Conclusions and relevance: In this 12-month weight loss diet study, there was no significant difference in weight change between a healthy low-fat diet vs a healthy low-carbohydrate diet, and neither genotype pattern nor baseline insulin secretion was associated with the dietary effects on weight loss. In the context of these 2 common weight loss diet approaches, neither of the 2 hypothesized predisposing factors was helpful in identifying which diet was better for whom.

Trial registration: clinicaltrials.gov Identifier: NCT01826591.

Conflict of interest statement

Conflict of Interest Disclosures: The authors have completed and submitted the ICMJE Form for Disclosure of Potential Conflicts of Interest and none were reported.

Figures

Figure 1.. Flow of Participants Through the Diet Intervention Examining The Factors Interacting with Treatment Success Trial

aBody mass index is calculated as weight in kilograms divided by height in meters squared. bTo convert glucose to mmol/L, multiply by 0.0555.

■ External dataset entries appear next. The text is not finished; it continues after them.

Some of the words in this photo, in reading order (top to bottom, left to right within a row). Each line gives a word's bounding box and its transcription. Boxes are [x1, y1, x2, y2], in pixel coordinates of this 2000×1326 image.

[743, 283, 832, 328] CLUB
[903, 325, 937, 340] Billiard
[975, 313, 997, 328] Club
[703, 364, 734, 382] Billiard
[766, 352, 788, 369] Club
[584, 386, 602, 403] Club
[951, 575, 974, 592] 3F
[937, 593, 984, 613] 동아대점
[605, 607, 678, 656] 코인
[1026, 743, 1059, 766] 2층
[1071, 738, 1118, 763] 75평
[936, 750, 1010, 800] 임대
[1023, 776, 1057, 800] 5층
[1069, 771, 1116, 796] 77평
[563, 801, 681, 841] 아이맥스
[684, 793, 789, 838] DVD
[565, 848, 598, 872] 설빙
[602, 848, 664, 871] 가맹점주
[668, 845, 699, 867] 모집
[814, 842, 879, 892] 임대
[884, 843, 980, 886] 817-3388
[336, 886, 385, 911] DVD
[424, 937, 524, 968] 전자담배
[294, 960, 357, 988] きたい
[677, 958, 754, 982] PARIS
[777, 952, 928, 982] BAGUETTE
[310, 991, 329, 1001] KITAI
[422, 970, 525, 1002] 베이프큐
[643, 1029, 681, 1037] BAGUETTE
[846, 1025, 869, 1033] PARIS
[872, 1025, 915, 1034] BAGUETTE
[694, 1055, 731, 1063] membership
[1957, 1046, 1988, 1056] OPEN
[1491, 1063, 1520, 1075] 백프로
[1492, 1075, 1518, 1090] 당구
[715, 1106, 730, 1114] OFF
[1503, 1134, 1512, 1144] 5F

Figure 2.. Interaction Among Diet and Genotype and Diet and Insulin-30 Tertile at Baseline and 12-Month Weight Loss

The black solid circle indicates the mean, the left and right borders of the box mark the first and third quartiles, the black vertical line indicates the median, the error bars indicate the 5th and 95th percentiles, and the hollow circles indicate the individuals whose values were outside the 5th or 95th percentiles. The No. of participants reflect data for the individuals who had weight data at both baseline and 12 months. Statistical analyses include data from all individuals randomized (described in the Statistical Analysis section). A, Three-way interaction term among diet, genotype, and the 12-month time point was not statistically significant (beta coefficient, 1.38 [95% CI, −0.72 to 3.49]; P = .20). As described in Stanton et al, of all the possible combinations of variance in 3 single-nucleotide polymorphism multilocus genotype patterns, some were considered consistent with the low-fat genotype pattern, some with the low-carbohydrate genotype pattern, and some with neither of these 2 genotype patterns. By design, as described in the initial National Institutes of Health grant application, those individuals with neither of the main 2 genotype patterns were not included in the main analyses. There were 39 participants who had compromised or missing DNA. B, Three-way interaction term among diet, insulin, and the 12-month time point was not statistically significant (beta coefficient for 10-μIU/mL increase in insulin, 0.08 [95% CI, −0.13 to 0.28]; P = .47). Insulin-30 is the blood concentration of insulin 30 minutes after consuming 75 g of glucose as part of a standard oral glucose tolerance test. Insulin-30 was treated as a continuous variable in the statistical model. Tertiles were used in this Figure for ease of presentation. The mean for the lowest tertile was 40.8 μIU/mL (range, 7.3-60.6 μIU/mL); middle, 80.1 μIU/mL (range, 60.7-103.1 μIU/mL); and highest, 159.6 μIU/mL (range, 103.4-562.5 μIU/mL).